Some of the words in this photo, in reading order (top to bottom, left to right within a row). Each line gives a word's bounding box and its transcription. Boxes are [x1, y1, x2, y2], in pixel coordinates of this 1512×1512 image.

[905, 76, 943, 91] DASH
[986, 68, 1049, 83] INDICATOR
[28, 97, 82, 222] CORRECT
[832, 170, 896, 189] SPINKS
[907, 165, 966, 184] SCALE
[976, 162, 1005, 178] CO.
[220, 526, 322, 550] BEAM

> _INSTRUCTIONS FOR THE TASK_
Your task is to retype all of the records exactly.

> _RESPONSE FOR THIS EXERCISE_
Some of the words in this photo, in reading order (top to bottom, left to right within a row). Each line gives a word's bounding box and its transcription. Boxes are [x1, y1, x2, y2], in pixel coordinates of this 1512×1512 image.

[905, 76, 943, 91] DASH
[986, 68, 1049, 83] INDICATOR
[28, 97, 82, 222] CORRECT
[832, 170, 896, 189] SPINKS
[907, 165, 966, 184] SCALE
[976, 162, 1005, 178] CO.
[220, 526, 322, 550] BEAM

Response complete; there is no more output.